Each entry should be restated word for word, with all pictures left out.

------ Information ------

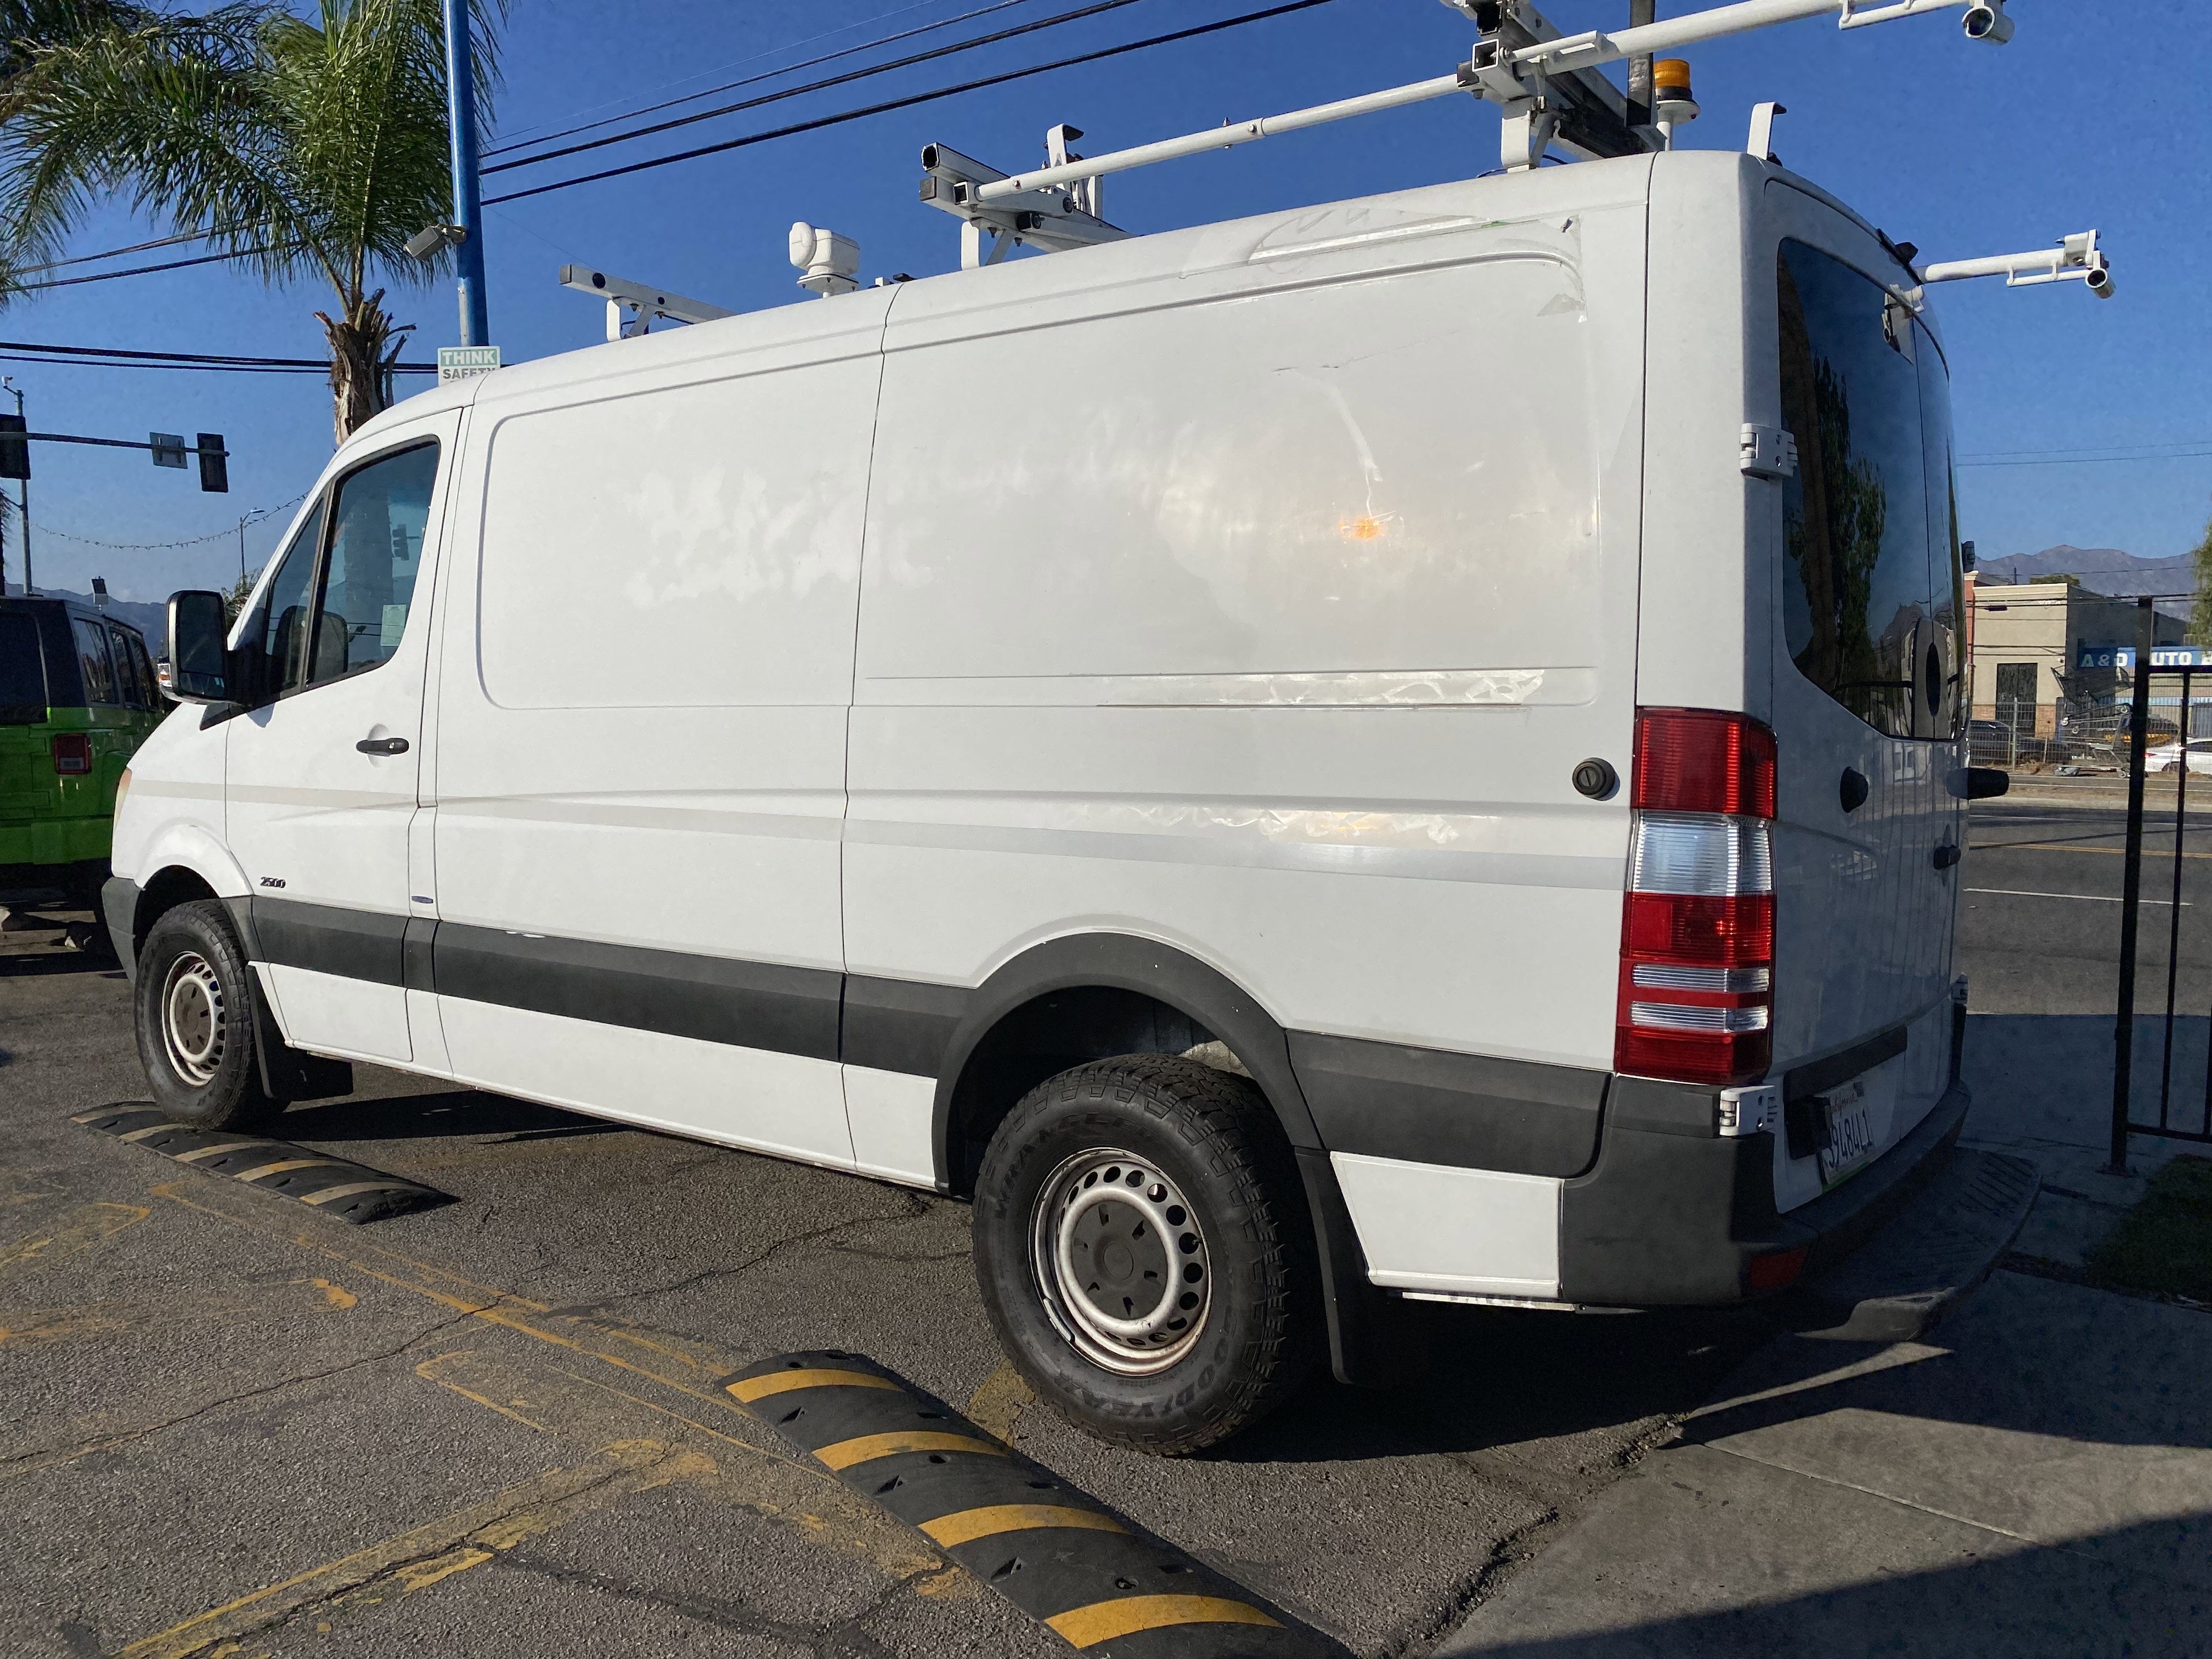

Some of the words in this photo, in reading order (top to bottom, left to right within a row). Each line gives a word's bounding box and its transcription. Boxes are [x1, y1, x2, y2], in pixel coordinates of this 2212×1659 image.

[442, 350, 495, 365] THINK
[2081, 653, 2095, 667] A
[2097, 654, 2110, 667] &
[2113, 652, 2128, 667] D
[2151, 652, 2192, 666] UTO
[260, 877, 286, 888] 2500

------

◆ **Answer to the exercise**:
Some of the words in this photo, in reading order (top to bottom, left to right within a row). Each line gives a word's bounding box and its transcription. Boxes are [x1, y1, x2, y2], in pixel coordinates of this 2212×1659 image.

[442, 350, 495, 365] THINK
[2081, 653, 2095, 667] A
[2097, 654, 2110, 667] &
[2113, 652, 2128, 667] D
[2151, 652, 2192, 666] UTO
[260, 877, 286, 888] 2500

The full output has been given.